(Referring expression grounding data)
____

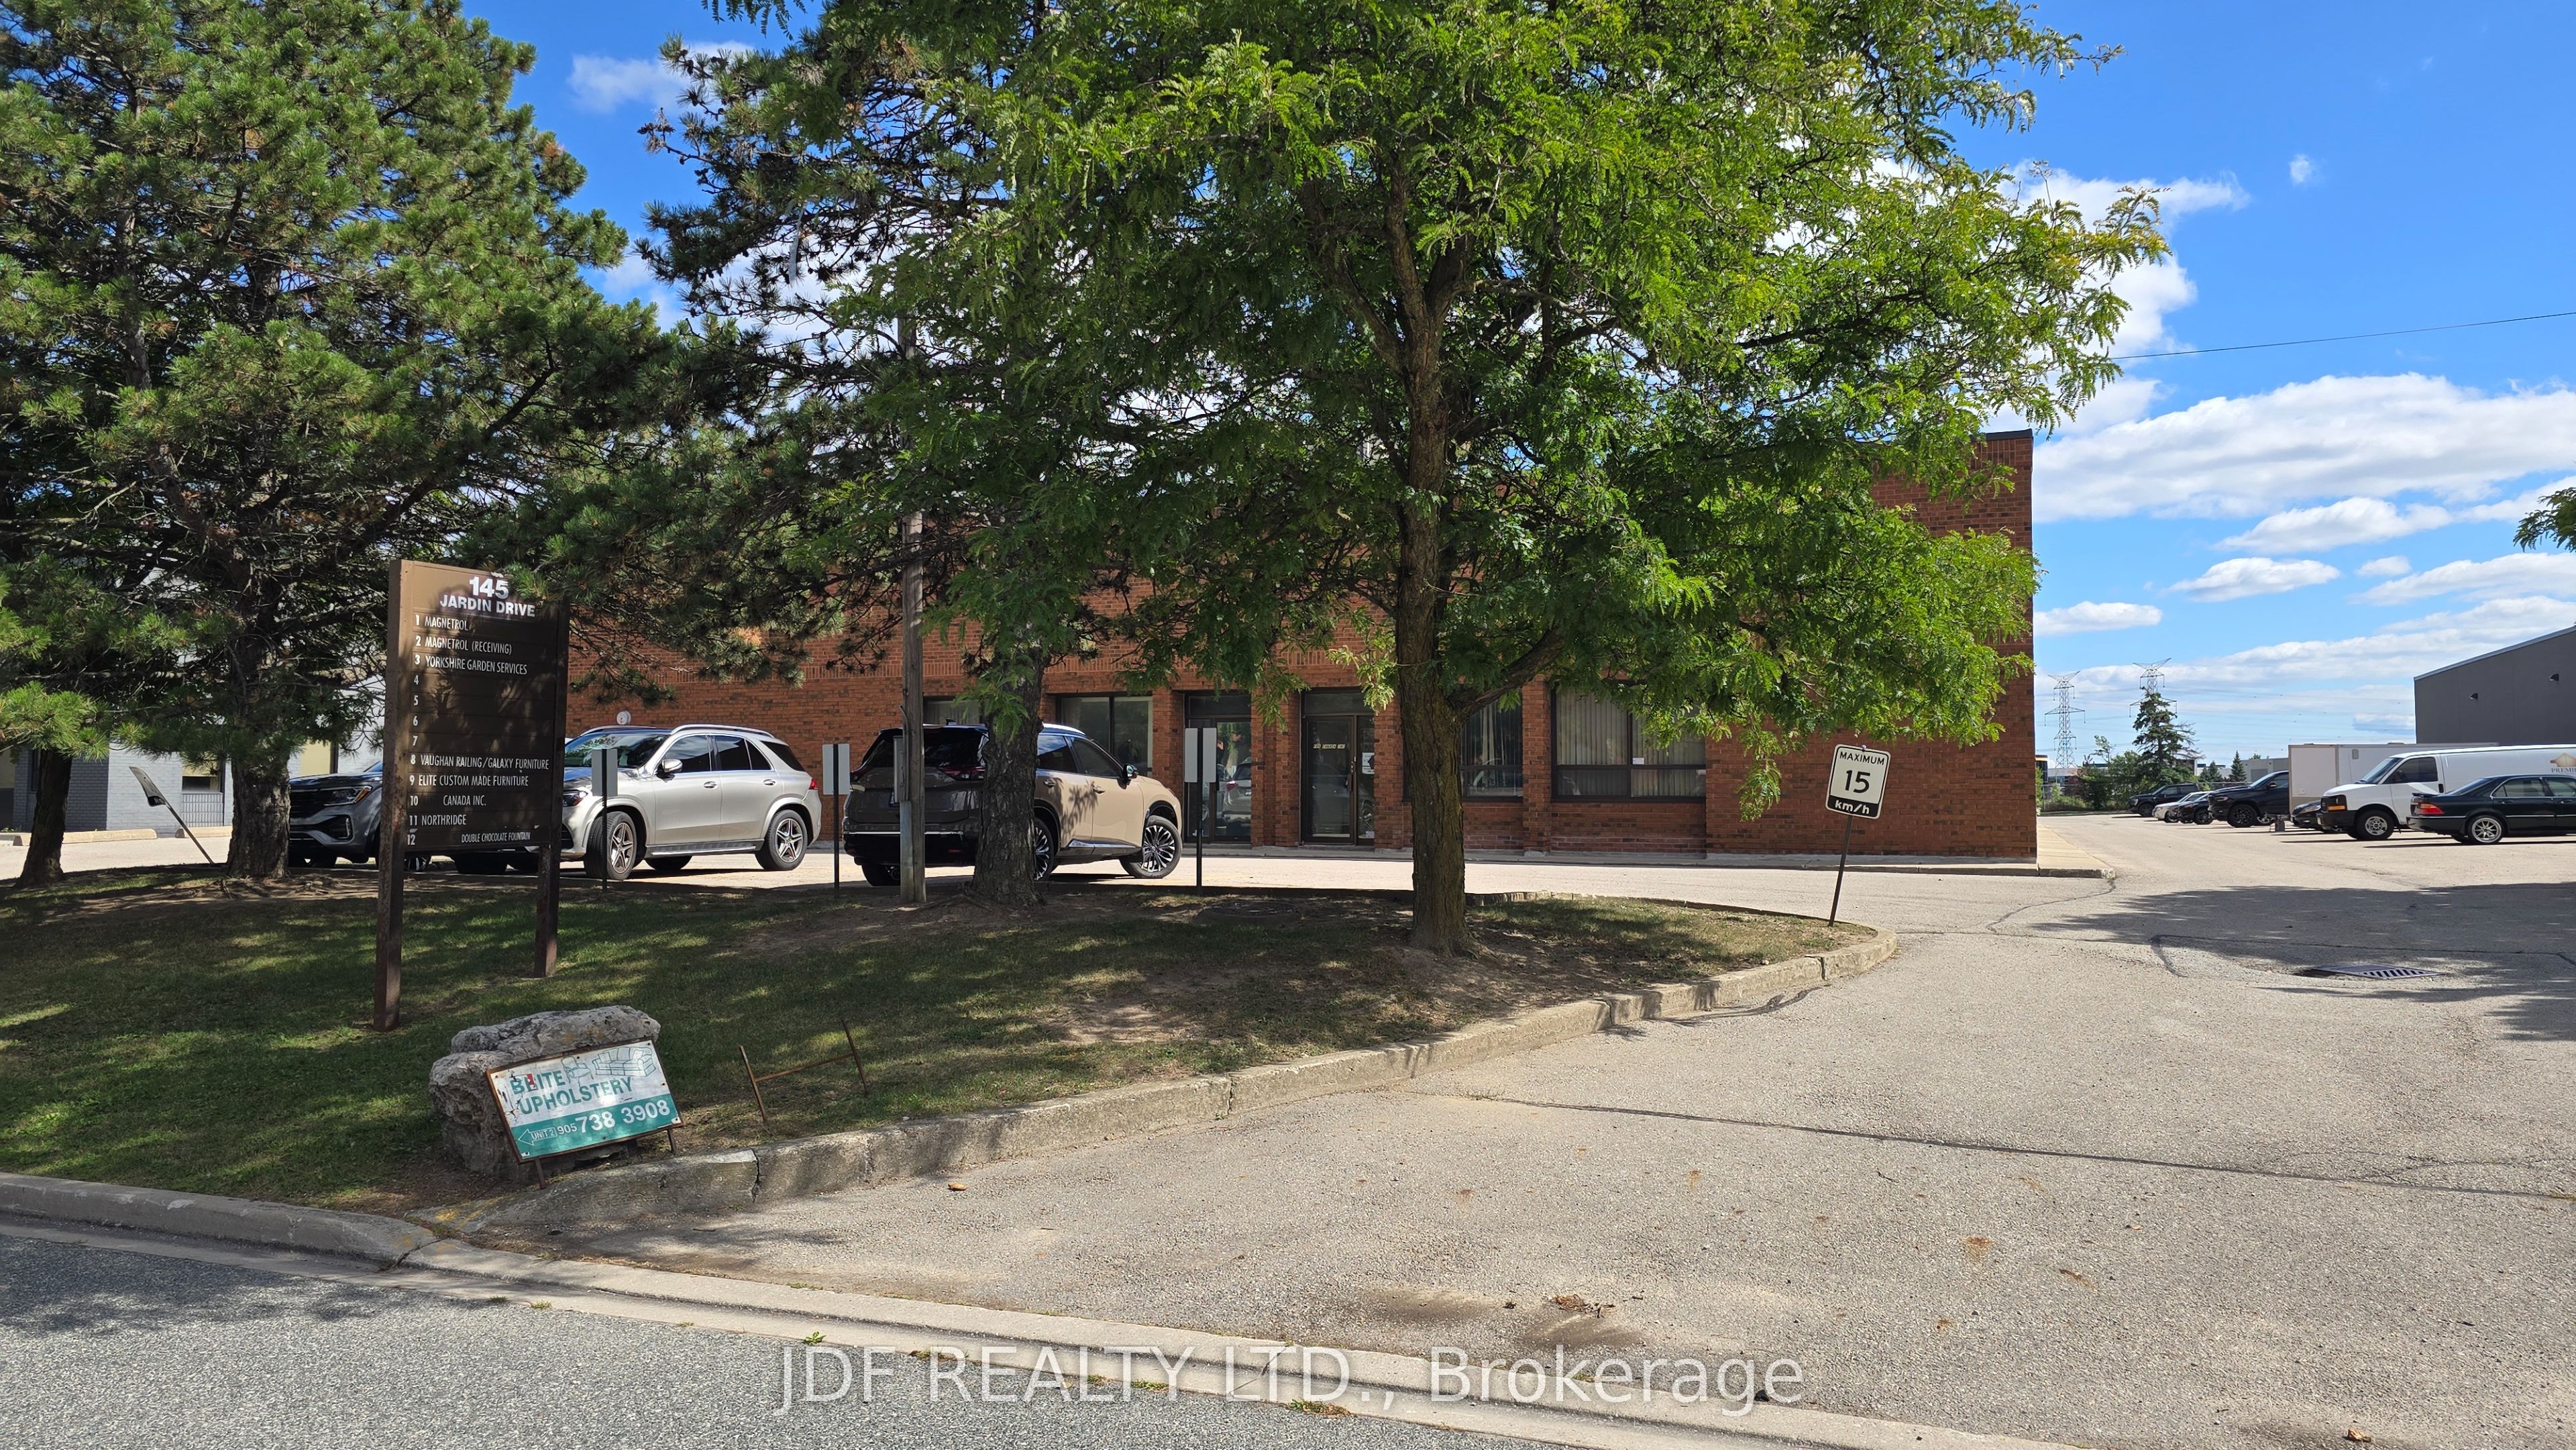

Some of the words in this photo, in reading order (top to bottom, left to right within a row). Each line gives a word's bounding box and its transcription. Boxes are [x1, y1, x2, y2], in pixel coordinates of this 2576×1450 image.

[470, 576, 509, 599] 145
[439, 594, 492, 612] JARDIN
[496, 602, 535, 617] DRIVE
[415, 614, 420, 625] 1
[425, 615, 468, 631] MAGNETROL
[416, 635, 421, 647] 2
[425, 636, 468, 651] MAGNETROL
[472, 641, 512, 656] (RECEIVING)
[415, 654, 421, 665] 3
[425, 655, 466, 670] YORKSHIRE
[467, 659, 495, 672] GARDEN
[496, 662, 527, 675] SERVICES
[414, 675, 419, 685] 4
[413, 695, 419, 706] 5
[413, 716, 419, 726] 6
[413, 735, 418, 746] 7
[411, 754, 416, 765] 8
[421, 754, 454, 767] VAUGHAN
[515, 758, 549, 770] FURNITURE
[1839, 752, 1884, 765] MAXIMUM
[409, 776, 415, 786] 9
[419, 775, 437, 786] ELITE
[439, 775, 470, 786] CUSTOM
[471, 776, 491, 786] MADE
[493, 776, 529, 786] FURNITURE
[1845, 770, 1870, 793] 15
[410, 795, 419, 806] 10
[443, 795, 470, 806] CANADA
[473, 795, 486, 806] INC.
[1835, 800, 1870, 815] km/h
[409, 815, 417, 826] 11
[421, 814, 466, 826] NORTHRIDGE
[407, 834, 415, 845] 12
[462, 834, 480, 843] DOUBLE
[481, 833, 507, 842] CHOCOLATE
[508, 832, 531, 841] FOUNTAIN
[520, 1076, 632, 1115] UPHOLSTERY
[531, 1130, 548, 1140] UNIT
[557, 1123, 577, 1135] 905
[575, 1111, 615, 1133] 738
[621, 1099, 670, 1124] 3908

____

- BRIEF
Set down the entries word for word, omitting all pictures.

- RESPONSE BELOW
Some of the words in this photo, in reading order (top to bottom, left to right within a row). Each line gives a word's bounding box and its transcription. Boxes are [x1, y1, x2, y2], in pixel coordinates of this 2576×1450 image.

[470, 576, 509, 599] 145
[439, 594, 492, 612] JARDIN
[496, 602, 535, 617] DRIVE
[415, 614, 420, 625] 1
[425, 615, 468, 631] MAGNETROL
[416, 635, 421, 647] 2
[425, 636, 468, 651] MAGNETROL
[472, 641, 512, 656] (RECEIVING)
[415, 654, 421, 665] 3
[425, 655, 466, 670] YORKSHIRE
[467, 659, 495, 672] GARDEN
[496, 662, 527, 675] SERVICES
[414, 675, 419, 685] 4
[413, 695, 419, 706] 5
[413, 716, 419, 726] 6
[413, 735, 418, 746] 7
[411, 754, 416, 765] 8
[421, 754, 454, 767] VAUGHAN
[515, 758, 549, 770] FURNITURE
[1839, 752, 1884, 765] MAXIMUM
[409, 776, 415, 786] 9
[419, 775, 437, 786] ELITE
[439, 775, 470, 786] CUSTOM
[471, 776, 491, 786] MADE
[493, 776, 529, 786] FURNITURE
[1845, 770, 1870, 793] 15
[410, 795, 419, 806] 10
[443, 795, 470, 806] CANADA
[473, 795, 486, 806] INC.
[1835, 800, 1870, 815] km/h
[409, 815, 417, 826] 11
[421, 814, 466, 826] NORTHRIDGE
[407, 834, 415, 845] 12
[462, 834, 480, 843] DOUBLE
[481, 833, 507, 842] CHOCOLATE
[508, 832, 531, 841] FOUNTAIN
[520, 1076, 632, 1115] UPHOLSTERY
[531, 1130, 548, 1140] UNIT
[557, 1123, 577, 1135] 905
[575, 1111, 615, 1133] 738
[621, 1099, 670, 1124] 3908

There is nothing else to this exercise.